Straszdziernik 2018 - Danteveli - 4 października 2018

Straszdziernik 2018

Od kilku lat Październik jest moim ulubionym miesiącem. Nie chodzi tylko o fakt, że rocznica powstania ChRL daje mi tydzień wolny od pracy. Tym co sprawia mi niezmierną radość jest poświęcenie uwagi wszelkiej maści straszakom, horrorom i wszystkiemu co jeży włos na głowie. Mogę w spokoju obejrzeć kilkadziesiąt filmów grozy i nikt nie zwraca mi uwagi, że zamiast komedii romantycznej oglądam zombie słoiki wysysające mózgi noworodkom. Poniższy wpis to kilka moich typów na pierwsze dni celebracji wszystkiego co straszy.

 

 

Baskin

Mniej więcej rok temu dowiedziałem się, że moja rodzinka zakochała się w głupkowatych tureckich serialach jakie pojawiły się w polskiej telewizji. Ta bzdetna informacja sprawiła, że gdy usłyszałem o mocnym tureckim horrorze postawiłem dać mu szansę. No bo nigdy wcześniej nie myślałem o Turcji jako o miejscu gdzie kręci się straszaki. Baskin to pełnometrażowa wersja, krótkiego filmiku, który swego czasu zdobył konkretna popularność wśród maniaków horrorów. Opowieść o grupce okropnych policjantów, którzy trafiają w szpony okrutnego kultu jest mocna.
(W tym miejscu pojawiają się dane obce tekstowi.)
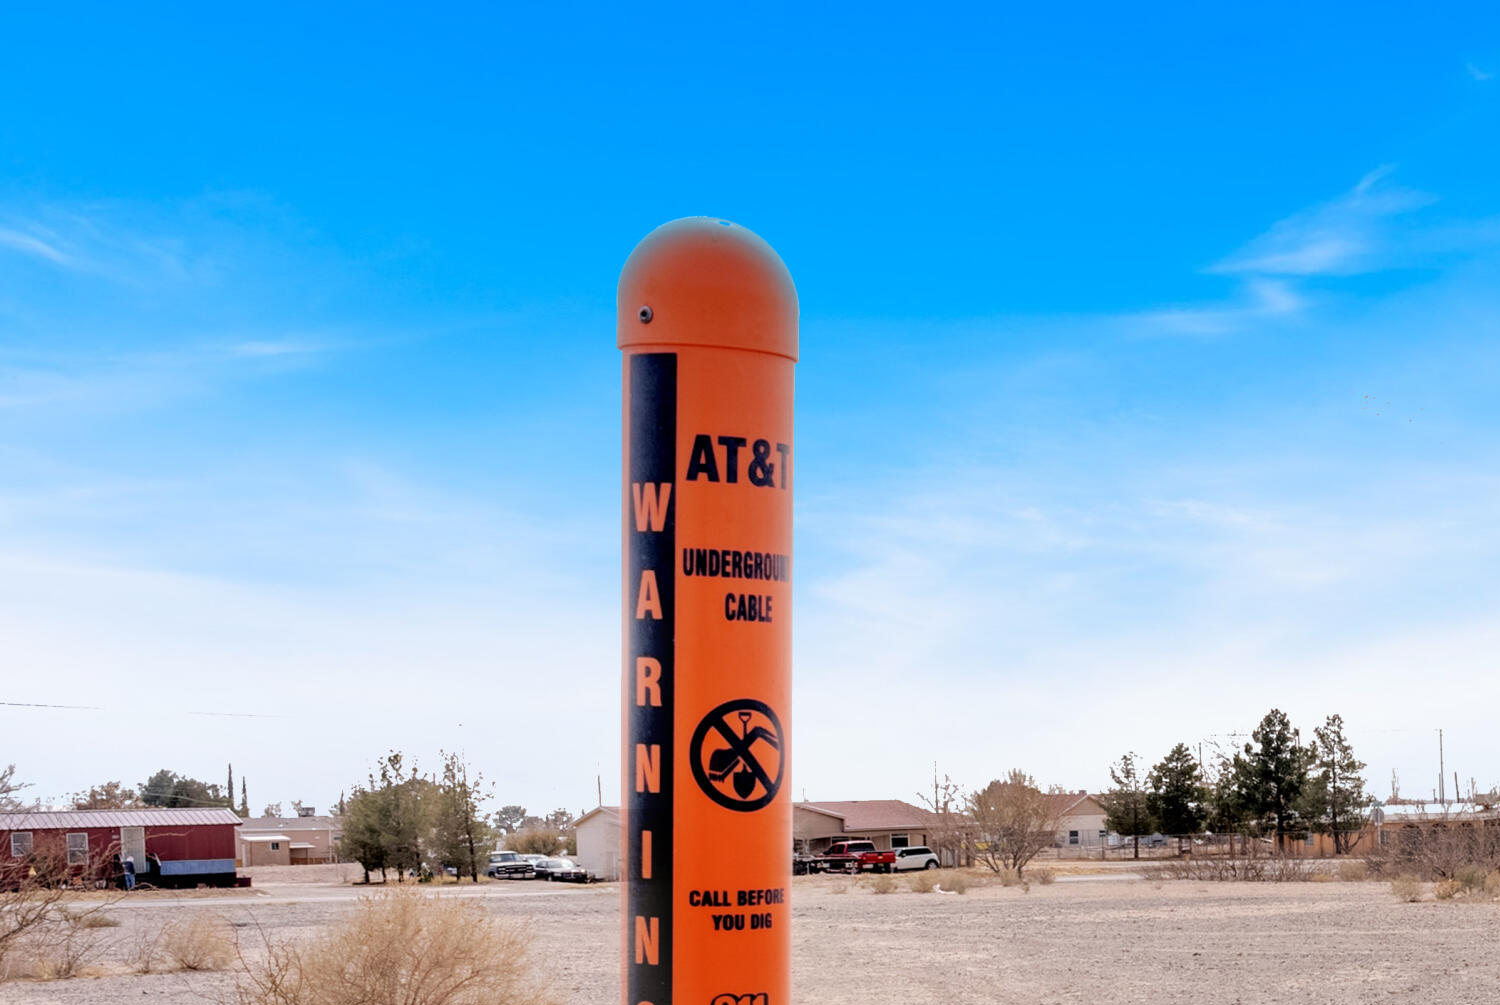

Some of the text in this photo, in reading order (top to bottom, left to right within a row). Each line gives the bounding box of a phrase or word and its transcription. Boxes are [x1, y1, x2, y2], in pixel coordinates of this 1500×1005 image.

[686, 433, 790, 490] AT&T
[724, 592, 773, 623] CABLE
[689, 888, 785, 907] CALL BEFORE
[712, 913, 772, 931] YOU DIG
Solidna dawka gore i mindfuckowym momentów plus banda niesympatycznych postaci, którym życzymy wszystkiego co najgorsze. Całość jest trochę schizowa i obleśna ale warto się tym zainteresować.

 

Mandy

Prawdopodobnie mój typ do filmu roku. Nicholas Cage i opowieść o zemście. Z ekranu wylewa się LSD i całość pożycza trochę z kultowego filmu animowanego Heavy Metal. Nie chcę bawić się w spoilery ale to jest mieszanka zachwycającego wizualnie kina artystycznego z klasyką kina crapowatego rodem z grindhouse. Uderza mocno i zapada w pamięć na długo.

Final Girl

Nie mylić z trochę lepszym filmidłem zatytułowanym The Final Girls. Final Girl to ciekawy patent na odwrócenie historii z bezbronną bohaterką i przerażającymi mordercami. A co jakby ktoś chciałby zmierzyć się z bandą seryjnych morderców? Ciekawy pomysł ale wykonanie takie sobie. Ogólnie jednak jest to coś nietuzinkowego. Chętnie zobaczyłbym jakiś sequel rozwijający najciekawsze wątki fabuły.

Maniac

Patent na pierwszoosobowy horror widziany z perspektywy mordercy daje twórcom olbrzymie pole do popisu. Maniac z 2012 wykorzystuje ten pomysł w naprawdę zadowalający sposób. Niektóre sceny mają szokować ilością krwi i brutalnością ale najmocniejszym aspektem całości jest tak naprawdę końcówka, gdzie szalony morderca racjonalizuje swoje zachowanie.

 

Calibre

Solidny thriller o tym jak seria niefortunnych zdarzeń i próba ukrywania prawdy może prowadzić do tragedii. Napięcie jest tuta budowane w naprawdę mistrzowski sposób i otrzymujemy naprawdę interesujące zakończenie. Nie ma tu dużo krwi ani gore ale klimat jest srogi. No i teraz mam już 101% pewności, że nigdy nie wybiorę się na polowanie.

 

Dark Web

Straszdziernik to także okazja żeby pośmiać się z naprawdę kiepskich straszaków. Dark Web to bardzo, bardzo słaba antologia historyjek lekko powiązanych z technologią. Takie Twilight Zone lub jak kto woli Black Mirror w wersji ujemny budżet i mało talentu. Pierwsze 5 minut tego produktu to jedna z najgorszych rzeczy jakie widziałem w tym roku.

 

Pierwsza dawka straszdziernika za mną. W planach mam obejrzeć jeszcze masę filmideł w tym trochę chińskich (ChRL) horrorów, które zbierałem w ostatnich miesiącach. Nie obędzie się też bez gier ale nie mam jeszcze pewności w co zagrać. Chętnie poczytam o waszych typach, zwłaszcza jak znacie jakieś mniej popularne straszaki, które mogły umknąć mojej uwadze.